The ephemeral namespace behavior is provided by the use of two different middleware:

  • fr.jeremyschoffen.prose.alpha.eval.common/wrap-snapshot-ns makes sure that the current namespace after the evaluation is the same as before:
(defn wrap-snapshot-ns
  "Middleware making sure the current ns stays the same after an evaluation."
  [eval-ctxt]
  (fn [{:keys [eval-form] :as ctxt}]
    (let [current-ns (get-current-ns eval-form)
          ret (eval-ctxt ctxt)]
      (back-to-base-ns eval-form current-ns)
      ret)))

  • fr.jeremyschoffen.prose.alpha.eval.common/wrap-eval-in-temp-ns creates an ephemeral namespace, makes it the current one, evaluates code then deletes it:
(defn wrap-eval-in-temp-ns
  "Middleware that makes the evaluation take place in a temporary namespace."
  ([eval-ctxt]
   (wrap-eval-in-temp-ns eval-ctxt nil))
  ([eval-ctxt temp-ns]
   (fn [{:keys [eval-form] :as ctxt}]
     (let [temp-ns (or temp-ns (gensym "temp_ns__"))
           res (do
                 (switch-to-temp-ns eval-form temp-ns)
                 (eval-ctxt ctxt))]
       (remove-temp-ns eval-form temp-ns)
       res))))

Generality of the model

This whole execution model takes an eval-form function as a parameter. For instance here is fr.jeremyschoffen.prose.alpha.eval.common/eval-forms-in-temp-ns:

(defn eval-forms-in-temp-ns
  "Evaluate a sequence of forms in a temporary namespace.

  Args:
  - `forms`; a sequence of forms to eval
  - `eval-form`: a function a evaluates one form defaulting to `clojure.core/eval`."
  ([forms]
   (eval-forms-in-temp-ns eval forms))
  ([eval-form forms]
   (evaluate eval-form wrap-eval-forms-in-temp-ns forms)))

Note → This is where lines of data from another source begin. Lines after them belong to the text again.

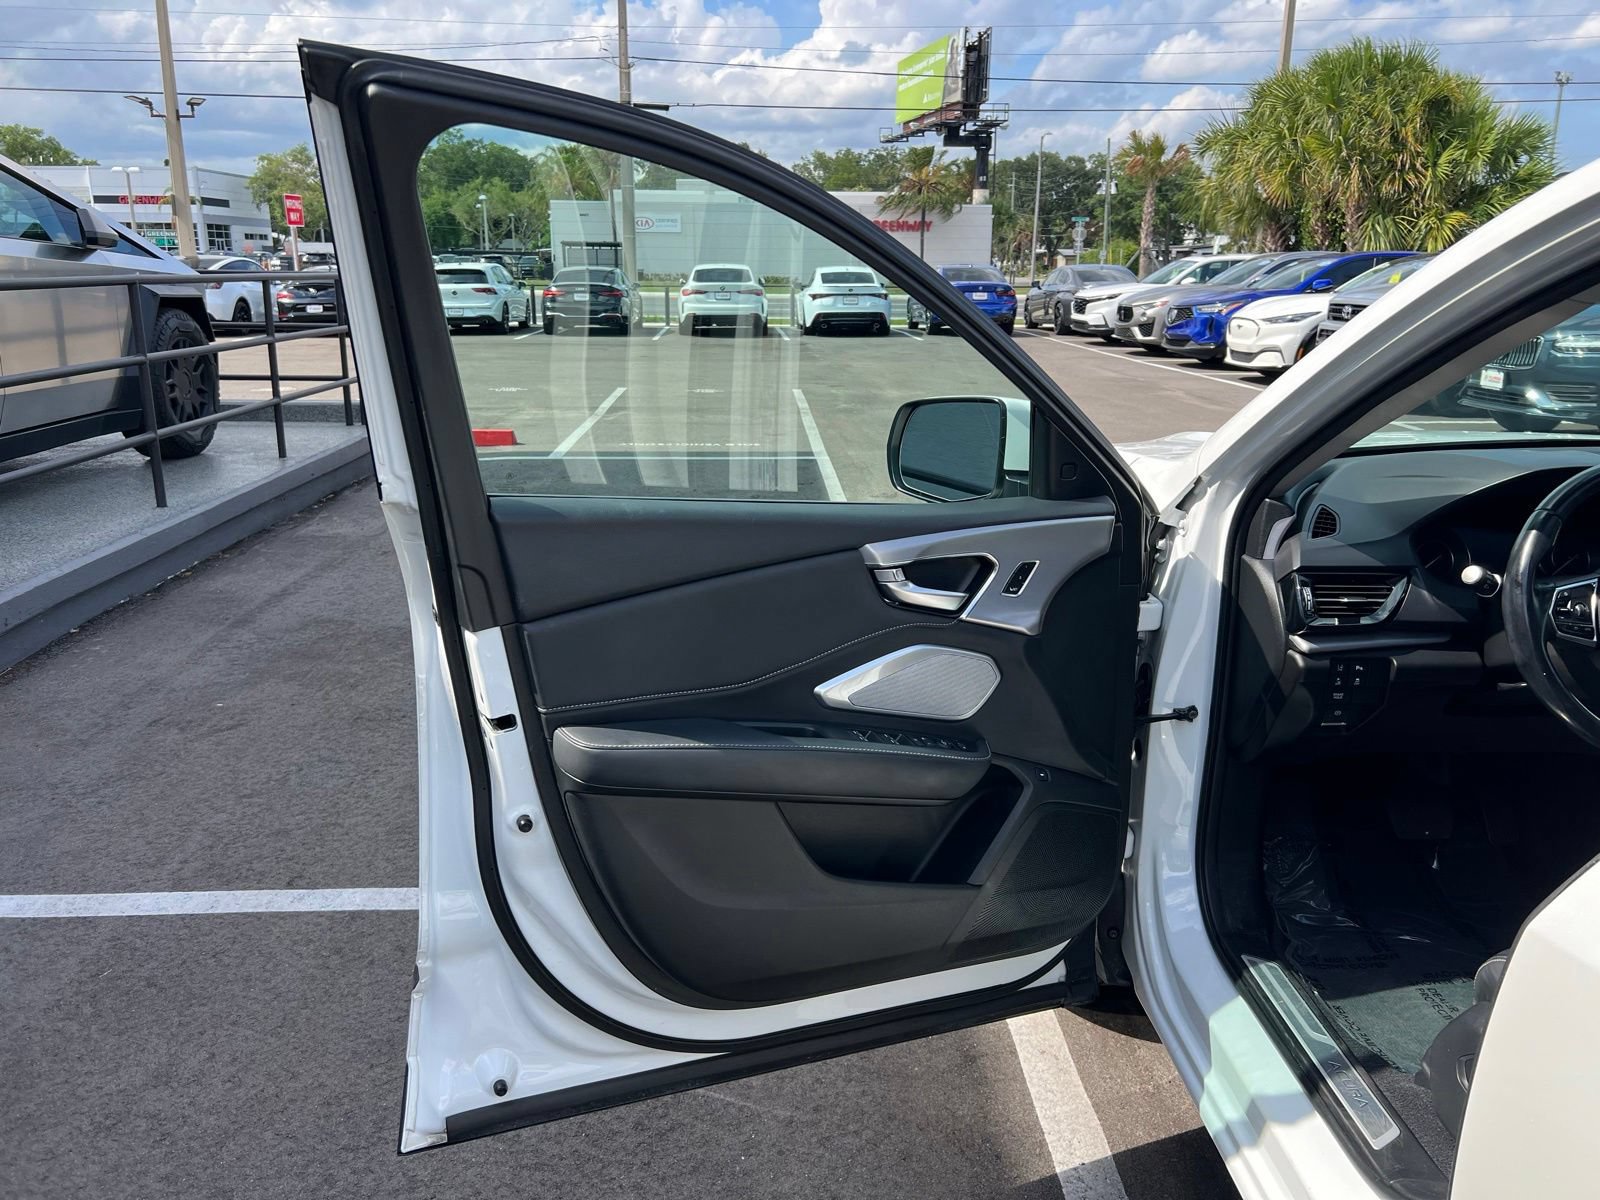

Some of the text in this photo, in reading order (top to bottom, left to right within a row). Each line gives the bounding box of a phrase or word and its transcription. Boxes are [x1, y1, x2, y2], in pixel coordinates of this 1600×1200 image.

[119, 195, 170, 204] GRENW
[285, 199, 302, 209] WRONG
[289, 212, 300, 222] WAY
[1327, 1060, 1369, 1108] ACURA
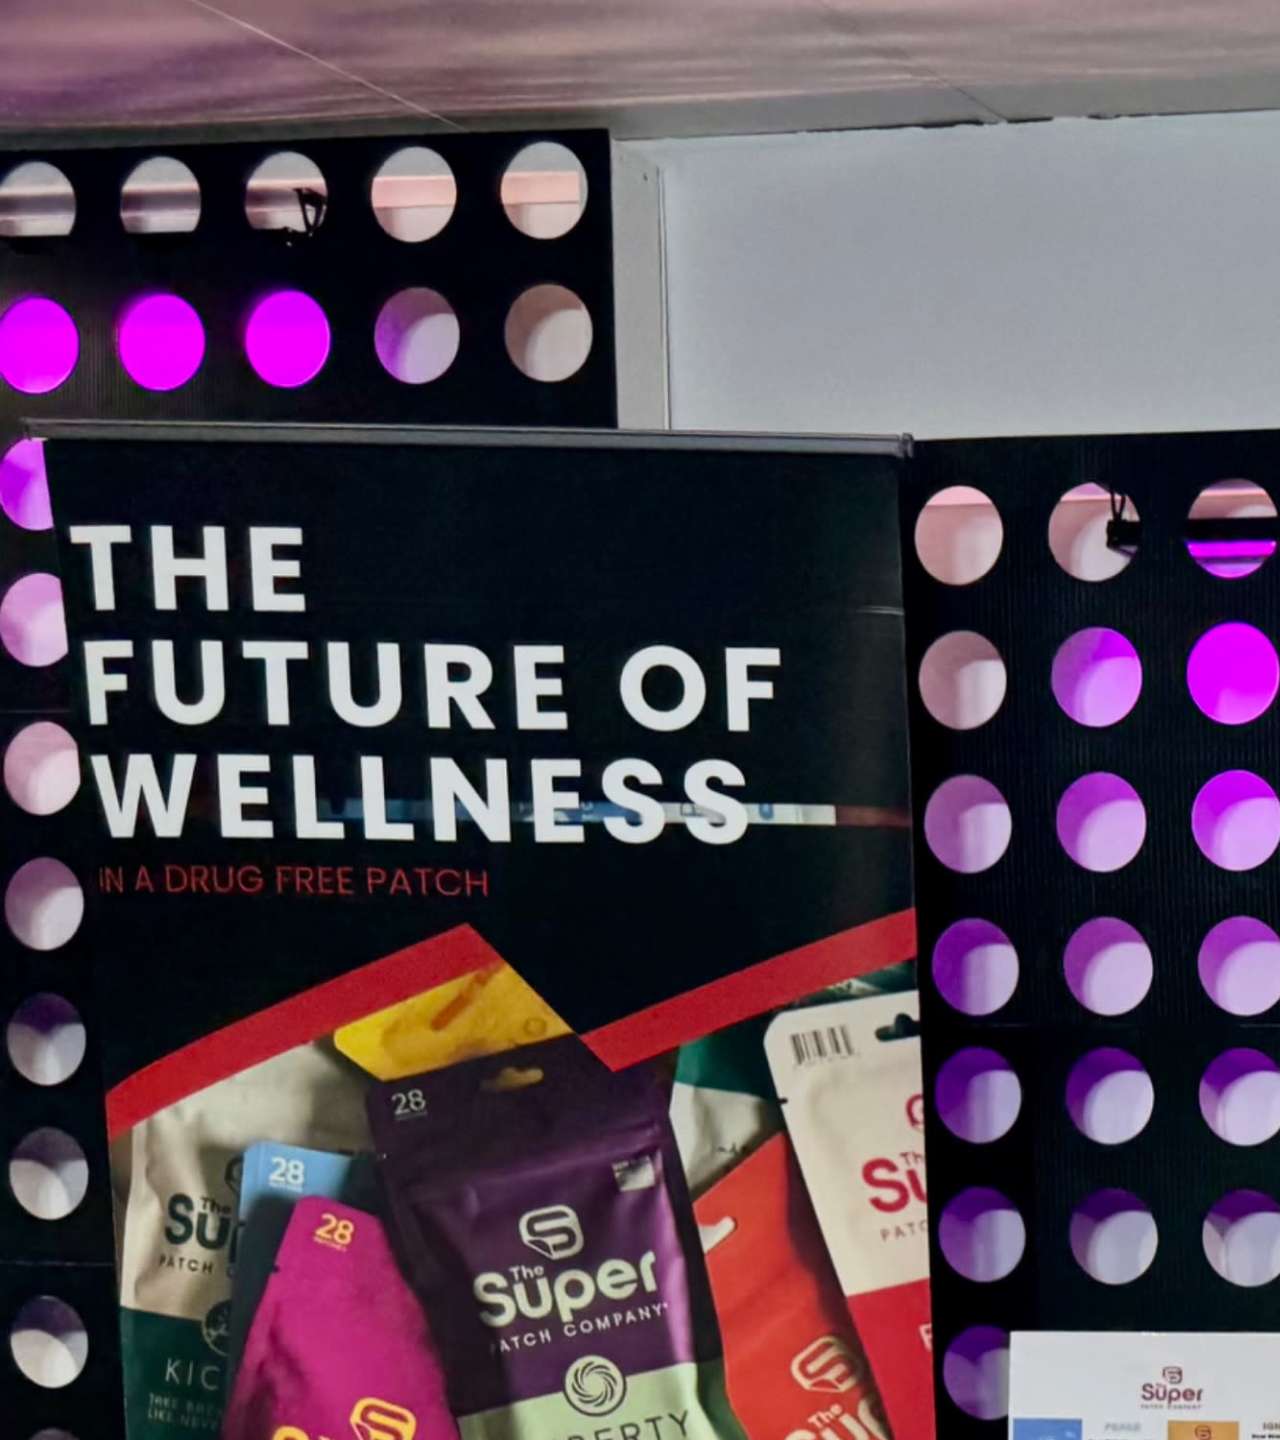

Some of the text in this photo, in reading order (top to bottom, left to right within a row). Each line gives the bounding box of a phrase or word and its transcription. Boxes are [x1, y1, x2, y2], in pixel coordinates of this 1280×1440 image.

Using anything other than the default eval provided by Clojure is possible. Although not implemented here, we could use this in self-hosted ClojureScript and that's what we do with sci. Take a look at the fr.jeremyschoffen.prose.alpha.eval.sci/eval-forms-in-temp-ns function:

(defn eval-forms-in-temp-ns
  "Evaluate a sequence of forms with sci in a temporary namespace."
  ([forms]
   (eval-forms-in-temp-ns (init nil) forms))
  ([sci-ctxt forms]
   (let [ef (sci-ctxt->sci-eval sci-ctxt)]
     (eval-common/bind-env {:prose.alpha/env :clojure-sci}
       (sci/binding [sci/ns @sci/ns]
         (eval-common/eval-forms-in-temp-ns ef forms))))))

We can see that this function uses the machinery provided by the common namespace (the last line of code). The eval-form function used named ef is created with:

(defn sci-ctxt->sci-eval
  "Make an eval function from an sci context.

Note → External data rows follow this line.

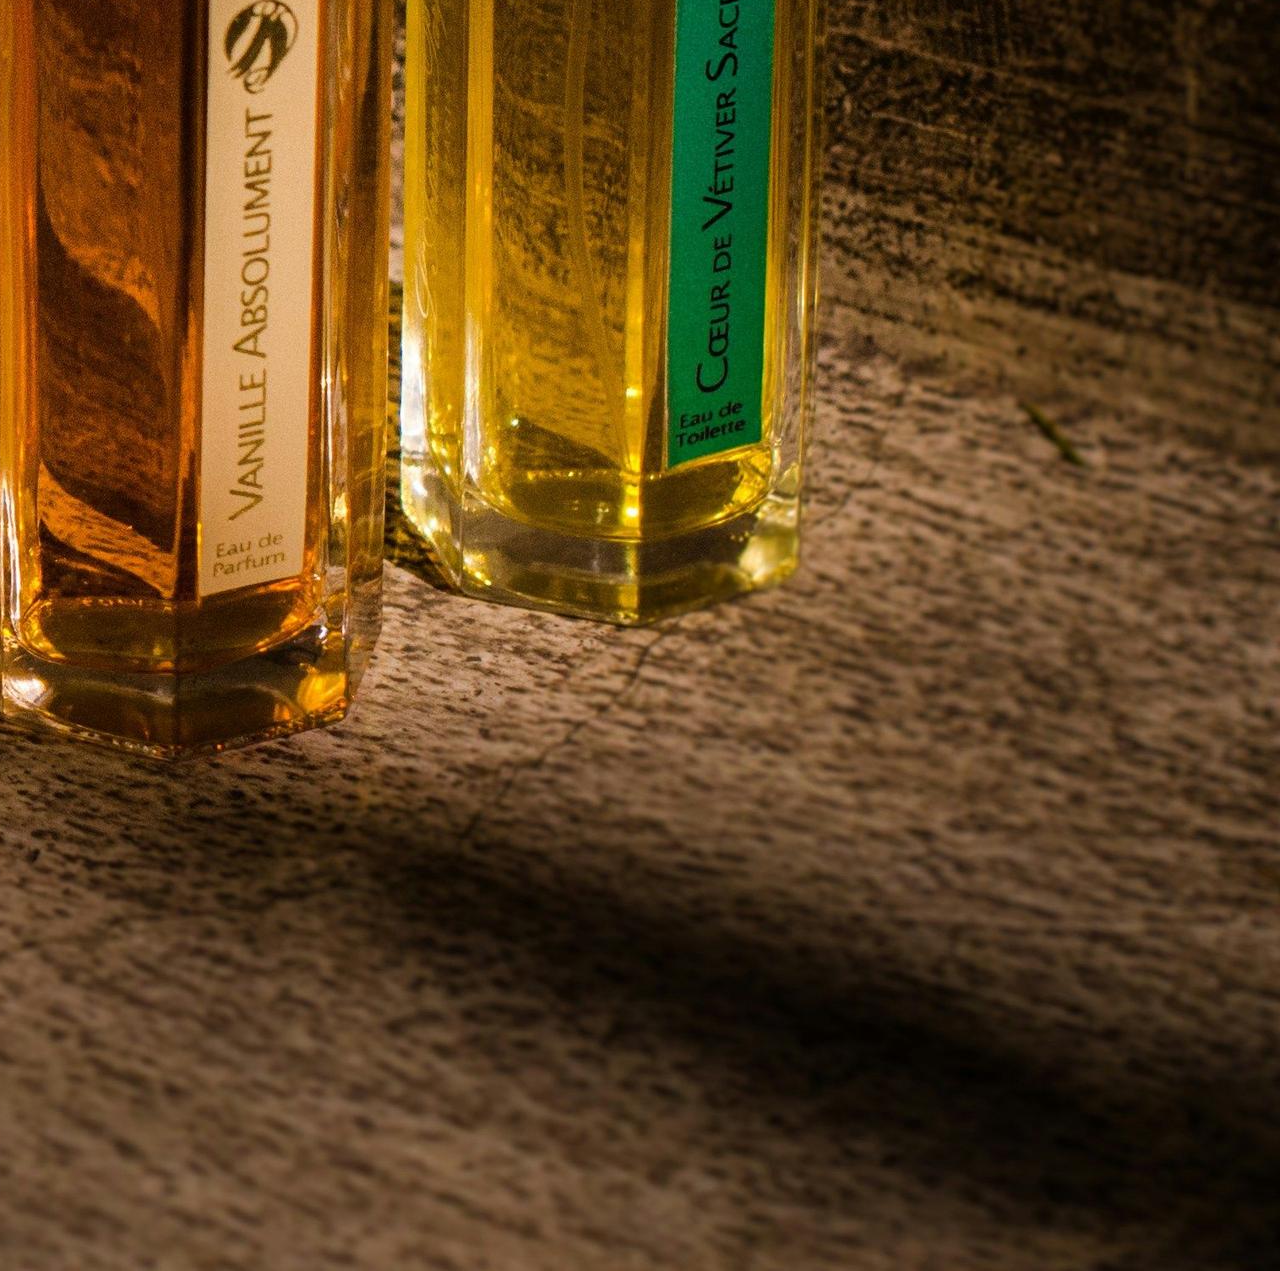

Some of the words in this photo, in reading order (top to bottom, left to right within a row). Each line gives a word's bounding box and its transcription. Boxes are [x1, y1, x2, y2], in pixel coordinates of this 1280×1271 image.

[701, 88, 737, 231] VÉTIVER
[233, 108, 273, 359] ABSOLUMENT
[713, 233, 732, 273] DE
[680, 410, 713, 428] Eau
[719, 401, 743, 418] de
[229, 367, 268, 521] VANILLE
[213, 551, 285, 577] Parfum
[216, 541, 251, 558] Eau
[258, 532, 283, 548] de
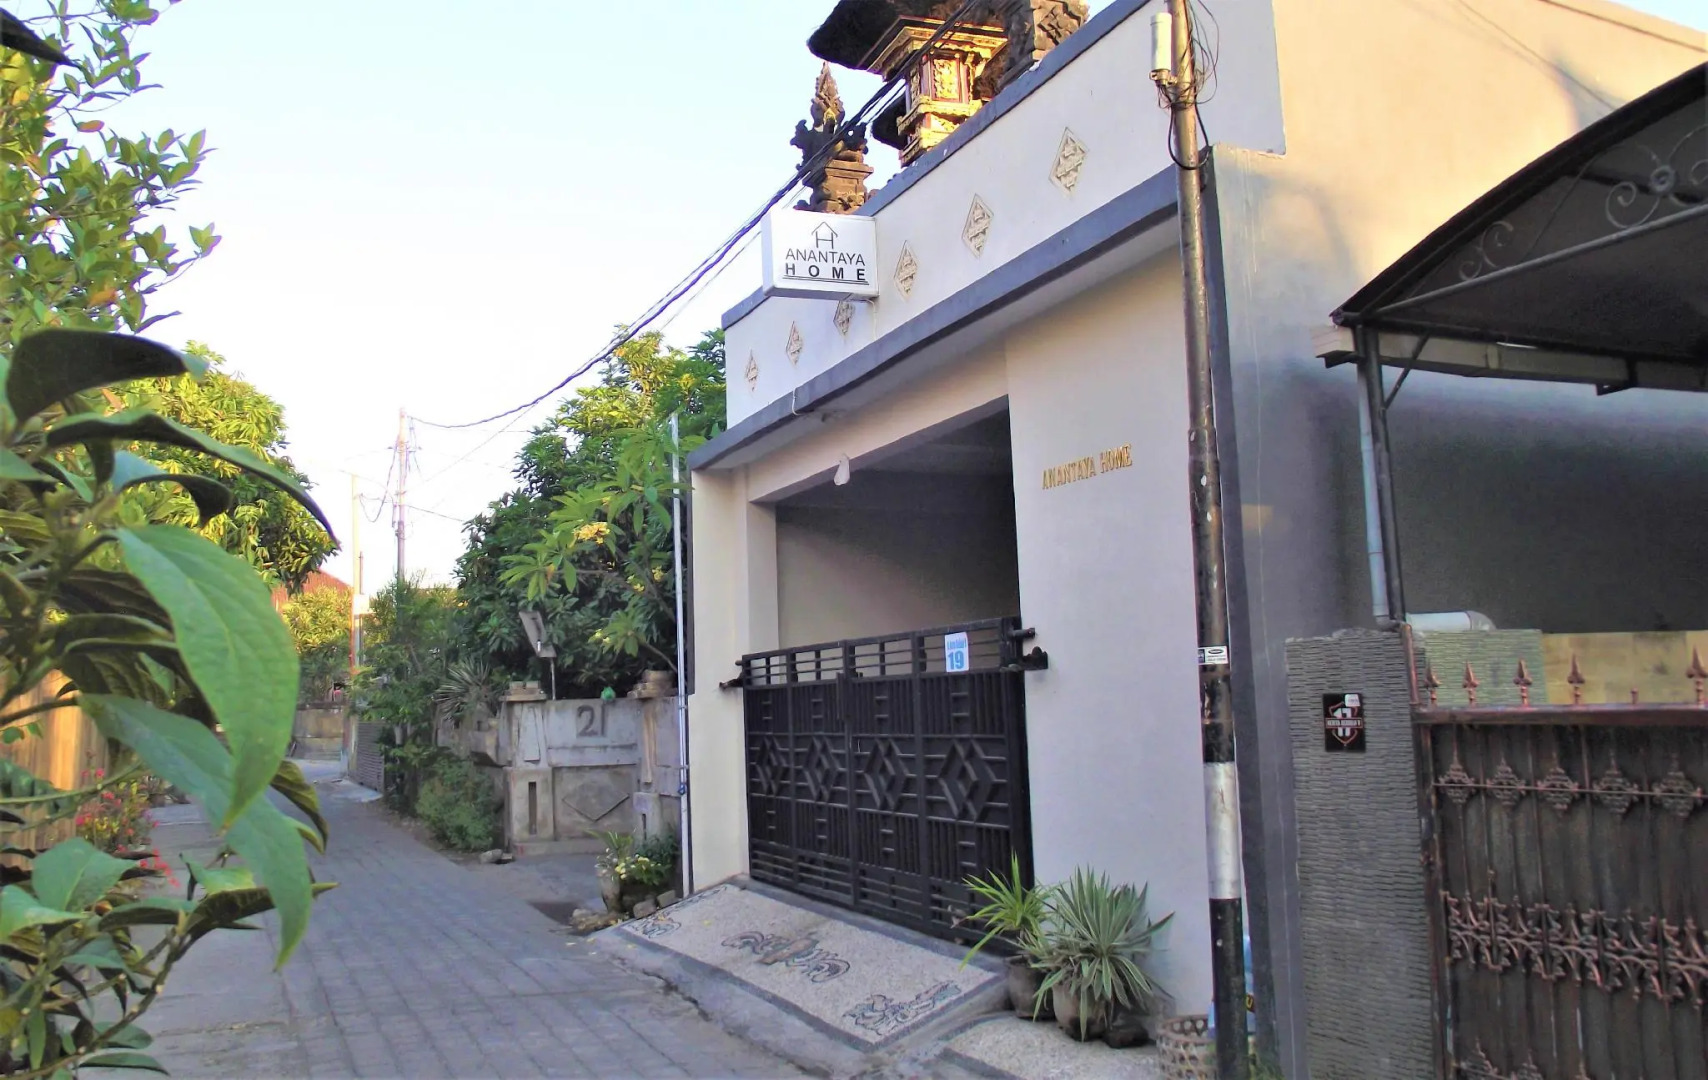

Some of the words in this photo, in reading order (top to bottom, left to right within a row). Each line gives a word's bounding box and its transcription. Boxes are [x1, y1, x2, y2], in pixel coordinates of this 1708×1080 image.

[785, 248, 866, 267] ANANTAYA
[785, 262, 866, 281] HOME
[1042, 456, 1097, 490] ANANTAYA
[1100, 442, 1133, 474] HOME
[948, 650, 965, 670] 19

  The result is a function of one argument, a `form` to be evaluated by sci in
  the evaluation context `ctxt`."
  [ctxt]
  (fn [form]
    (sci/eval-form ctxt form)))

Multi-threading, Sandboxing... Sci

Sci is interesting in this project for different reasons. For instance, where the Clojure version failed, with Sci we can do:


(deref (future (eval-sci/eval-forms '[(+ 1 1)(+ 1 2)])))

;=>

[2 3]

We can evaluate code in ClojureScript without having to go self hosted.

The fact that it allows us to reify execution environments (and fork them cheaply) opens a lot of possibilities up. Evaluations can occur on any number of threads while being in their own sandboxed environments forked from a common one.

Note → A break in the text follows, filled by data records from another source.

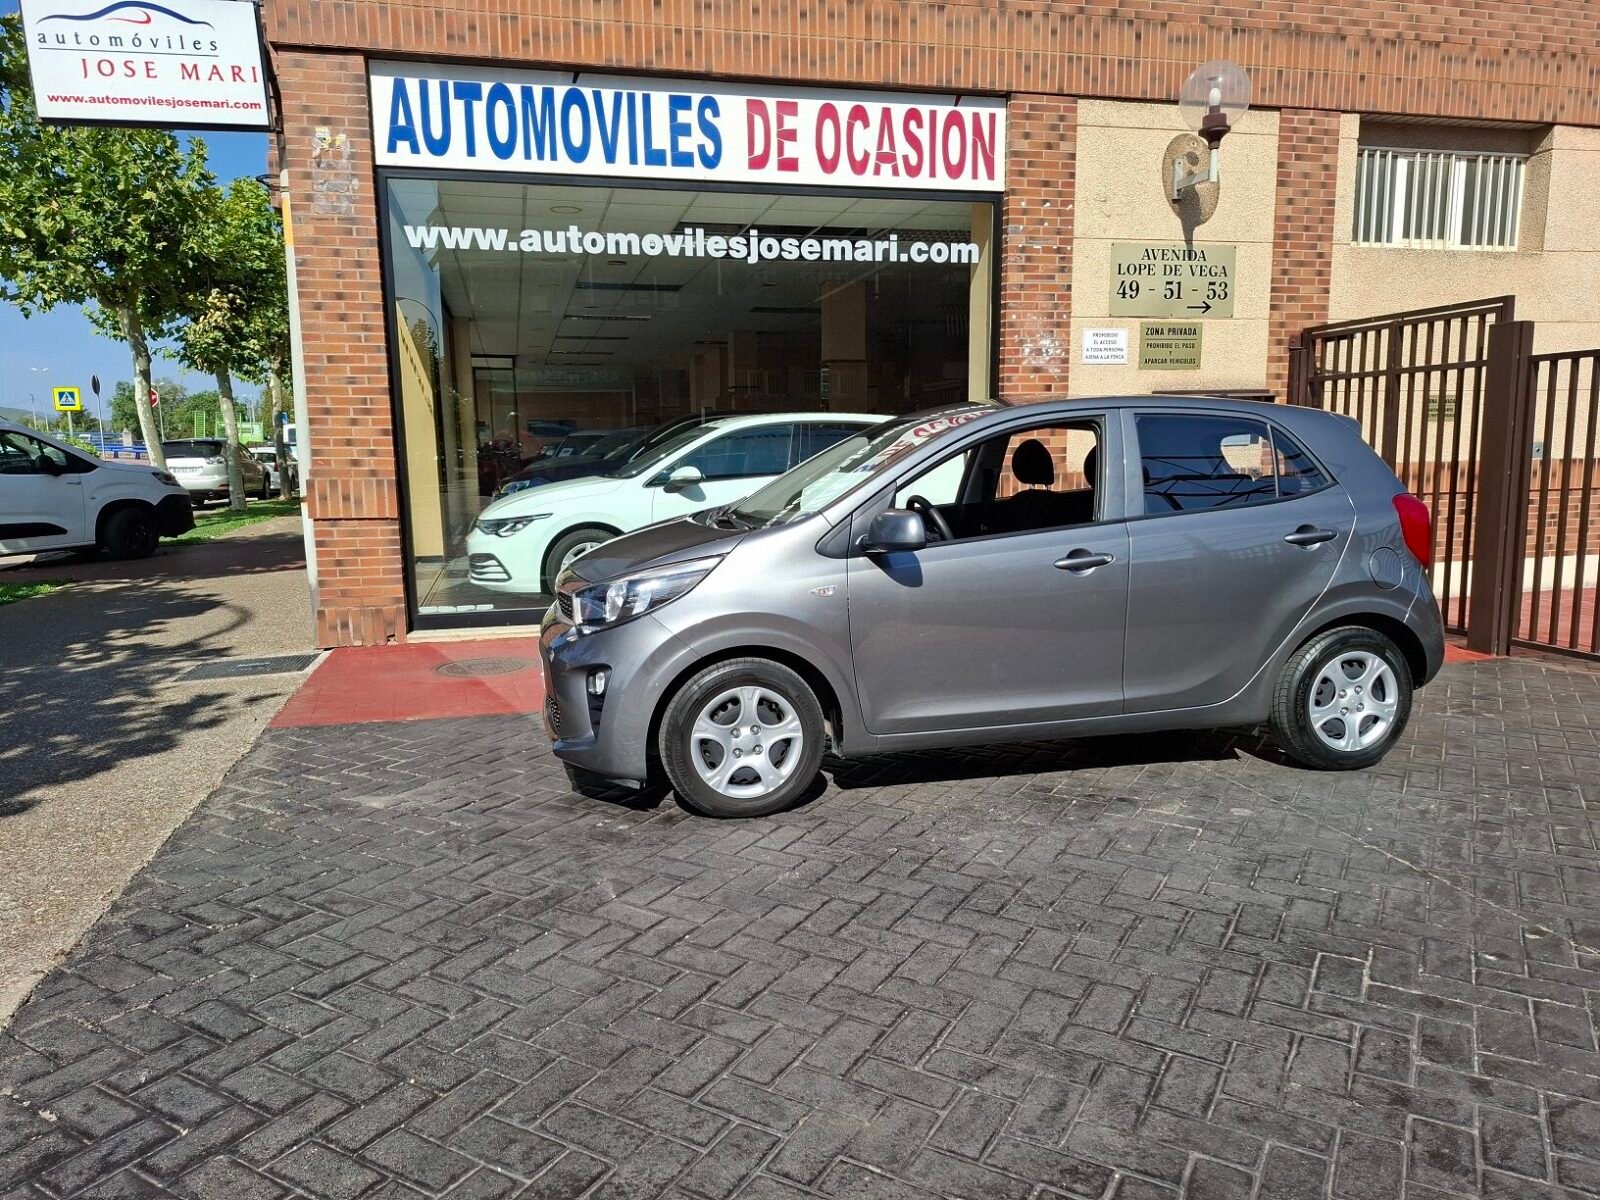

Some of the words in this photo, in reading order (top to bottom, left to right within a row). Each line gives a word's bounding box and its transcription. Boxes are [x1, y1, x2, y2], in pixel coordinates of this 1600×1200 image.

[37, 32, 218, 51] automóviles
[82, 59, 157, 79] JOSE
[181, 62, 258, 84] MARI
[47, 93, 262, 111] www.automovilesjosemari.com
[747, 99, 799, 173] DE
[403, 223, 980, 264] www.automovilesjosemari.com
[1141, 248, 1207, 262] AVENIDA
[1117, 263, 1156, 276] LOPE
[1163, 264, 1182, 277] DE
[1189, 265, 1228, 277] VEGA
[1116, 280, 1140, 299] 49
[1164, 281, 1183, 300] 51
[1206, 281, 1229, 300] 53
[1145, 327, 1165, 336] ZONA
[1167, 327, 1198, 336] PRIVADA

Also I believe that using Sci carrefully, allows us not to take too big a performance hit. Only code declared inside documents is going to be interpreted by Sci. Functions that a document uses and that come from the environment (the one created with sci.core/init) are Clojure functions and I believe run directly as Clojure code.